# Action item:
Copy each entry below exactly. No images.

-------- Records provided

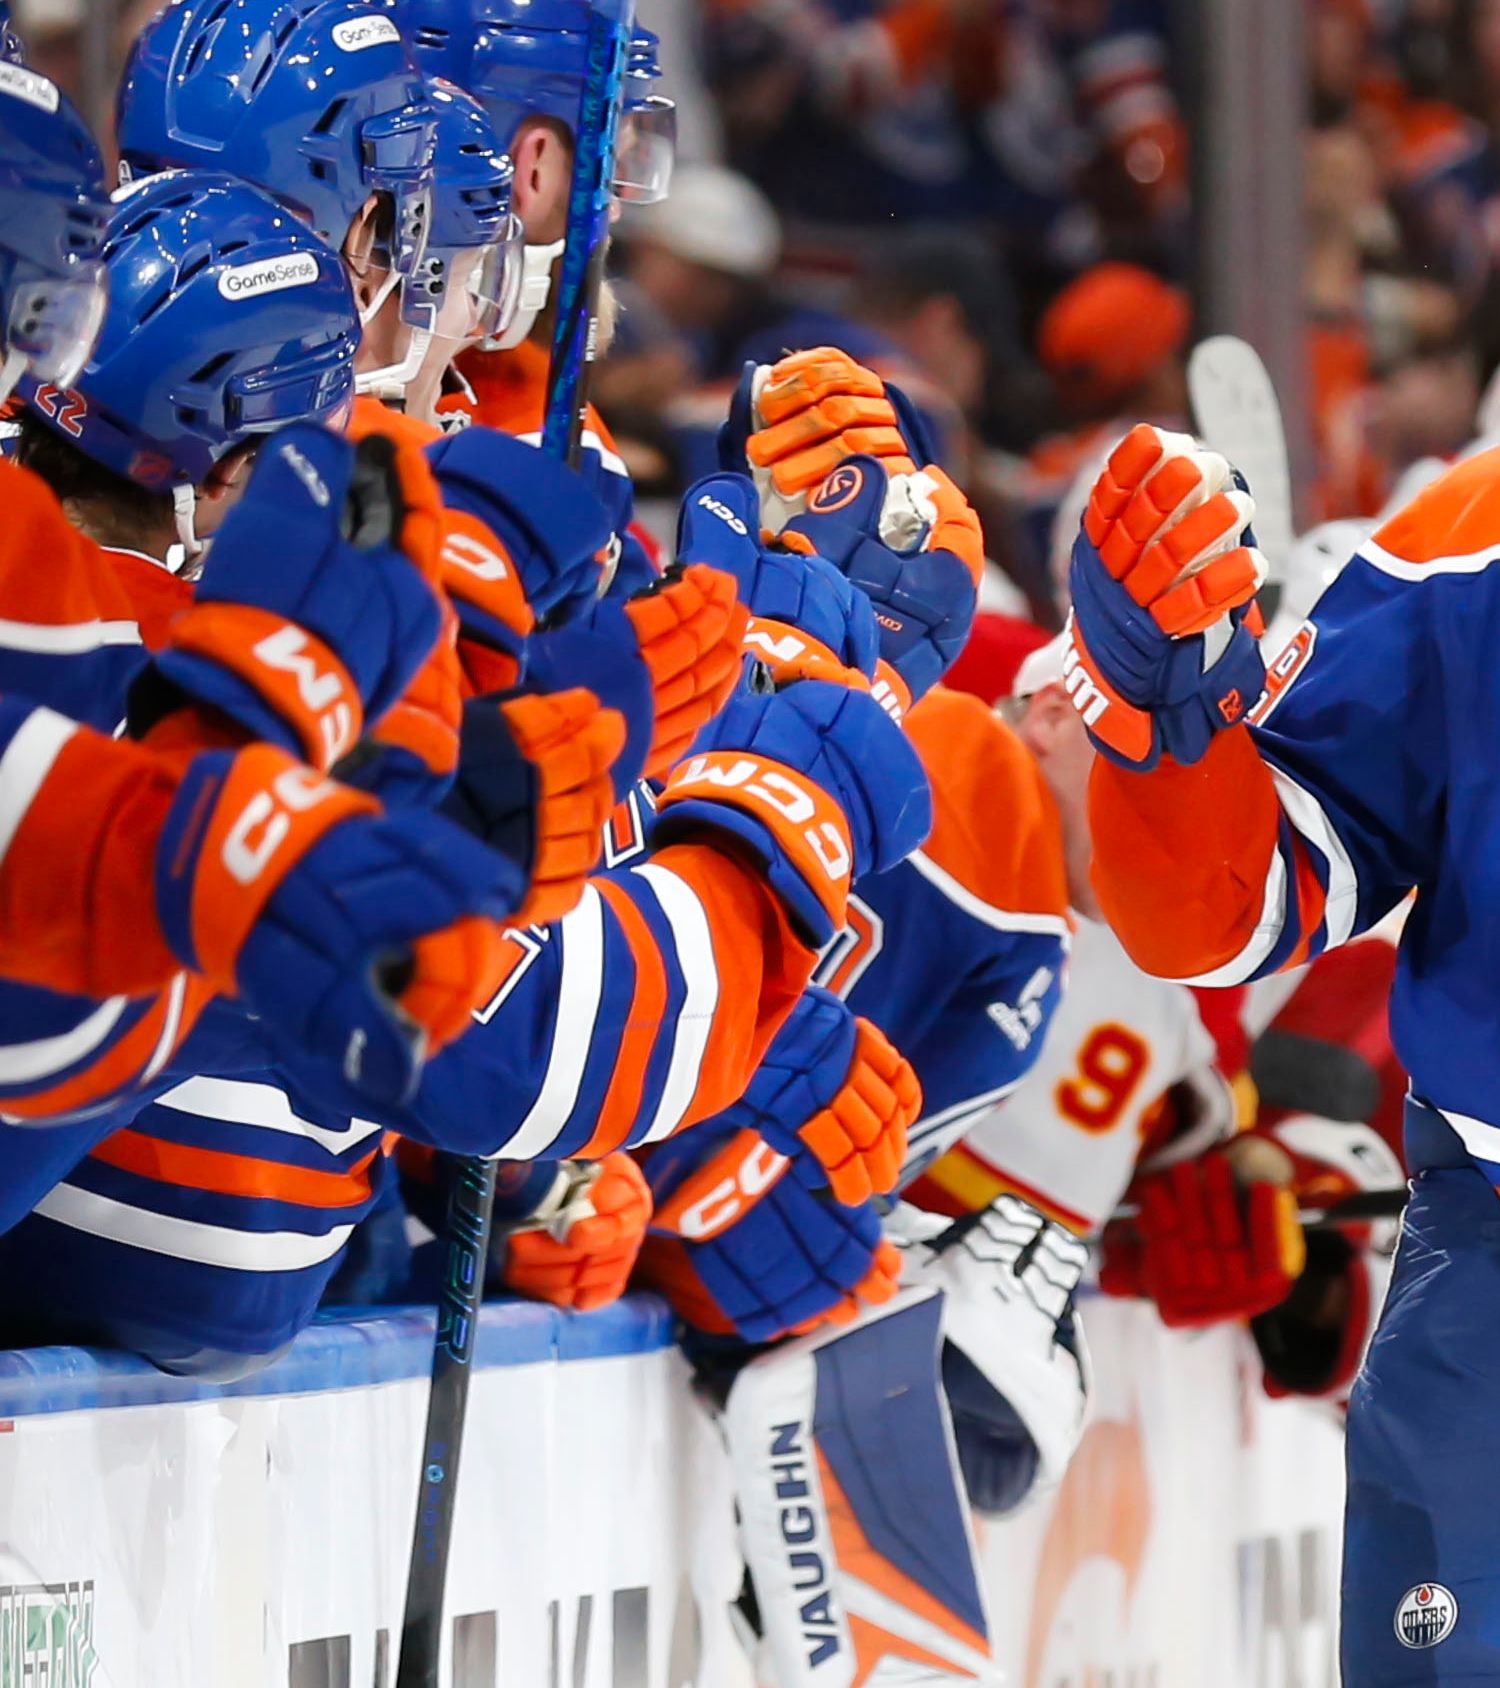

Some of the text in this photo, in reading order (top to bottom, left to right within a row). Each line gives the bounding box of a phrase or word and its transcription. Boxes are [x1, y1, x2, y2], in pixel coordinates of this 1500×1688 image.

[226, 263, 314, 292] GameSense
[35, 383, 88, 438] 22
[698, 494, 748, 535] CCM
[672, 757, 849, 881] CCM
[1054, 1020, 1172, 1140] 9
[771, 1421, 840, 1668] VAUGHN
[1402, 1605, 1447, 1643] OILERS
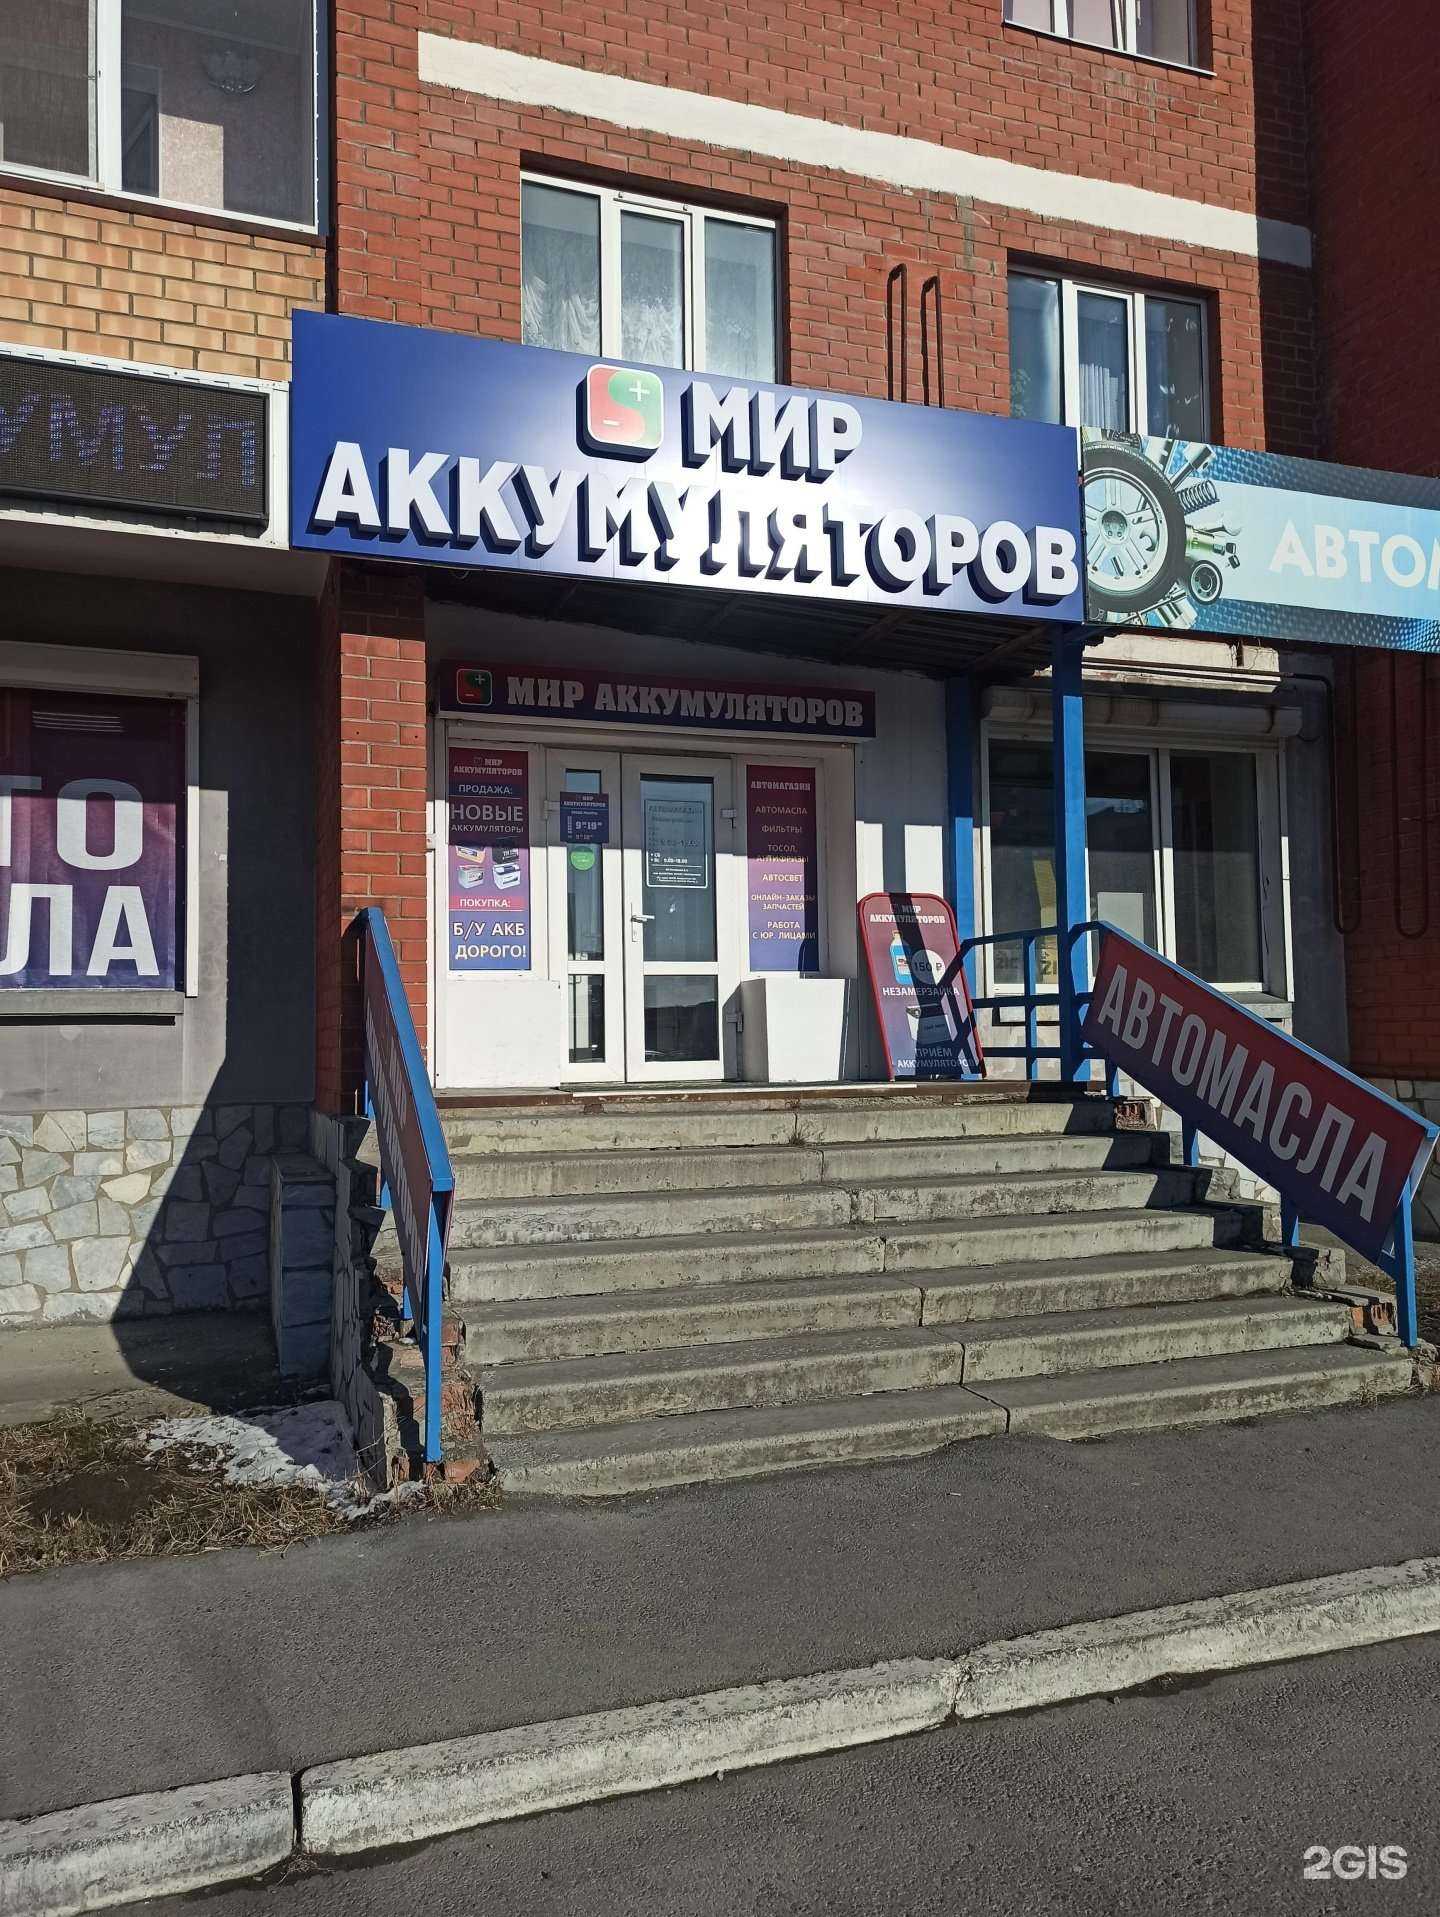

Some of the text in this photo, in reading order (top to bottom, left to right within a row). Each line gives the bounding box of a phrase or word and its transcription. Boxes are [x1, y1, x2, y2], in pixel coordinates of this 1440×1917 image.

[685, 381, 863, 477] МИР
[313, 441, 1078, 604] АККУМУЛЯТОРОВ
[1269, 519, 1440, 591] АВТО
[506, 676, 864, 727] МИР АККУМУЛЯТОРОВ
[750, 780, 811, 791] АВТОМАГАЗИН
[450, 803, 524, 822] НОВЫЕ
[755, 805, 808, 815] АВТОМАСЛА
[451, 824, 524, 833] АККУМУЛЯТОРЫ
[761, 824, 802, 833] ФИЛЬТРЫ
[762, 873, 803, 882] АВТОСВЕТ
[459, 898, 511, 908] ПОКУПКА:
[762, 902, 805, 911] ЗАПЧАСТЕЙ
[0, 883, 160, 976] ЛА
[767, 921, 801, 929] РАБОТА
[453, 921, 525, 941] Б/У АКБ
[778, 931, 816, 940] ЛИЦАМИ
[455, 944, 526, 960] ДОРОГО!
[882, 986, 960, 996] НЕЗАМЕРЗАЙКА
[1097, 964, 1388, 1223] АВТОМАСЛА

----------------

# Answer for the task:
Some of the text in this photo, in reading order (top to bottom, left to right within a row). Each line gives the bounding box of a phrase or word and its transcription. Boxes are [x1, y1, x2, y2], in pixel coordinates of this 1500×1688 image.

[226, 263, 314, 292] GameSense
[35, 383, 88, 438] 22
[698, 494, 748, 535] CCM
[672, 757, 849, 881] CCM
[1054, 1020, 1172, 1140] 9
[771, 1421, 840, 1668] VAUGHN
[1402, 1605, 1447, 1643] OILERS

Some of the text in this photo, in reading order (top to bottom, left to right within a row). Each line gives the bounding box of a phrase or word and its transcription. Boxes are [x1, y1, x2, y2], in pixel coordinates of this 1440×1917 image.

[685, 381, 863, 477] МИР
[313, 441, 1078, 604] АККУМУЛЯТОРОВ
[1269, 519, 1440, 591] АВТО
[506, 676, 864, 727] МИР АККУМУЛЯТОРОВ
[750, 780, 811, 791] АВТОМАГАЗИН
[450, 803, 524, 822] НОВЫЕ
[755, 805, 808, 815] АВТОМАСЛА
[451, 824, 524, 833] АККУМУЛЯТОРЫ
[761, 824, 802, 833] ФИЛЬТРЫ
[762, 873, 803, 882] АВТОСВЕТ
[459, 898, 511, 908] ПОКУПКА:
[762, 902, 805, 911] ЗАПЧАСТЕЙ
[0, 883, 160, 976] ЛА
[767, 921, 801, 929] РАБОТА
[453, 921, 525, 941] Б/У АКБ
[778, 931, 816, 940] ЛИЦАМИ
[455, 944, 526, 960] ДОРОГО!
[882, 986, 960, 996] НЕЗАМЕРЗАЙКА
[1097, 964, 1388, 1223] АВТОМАСЛА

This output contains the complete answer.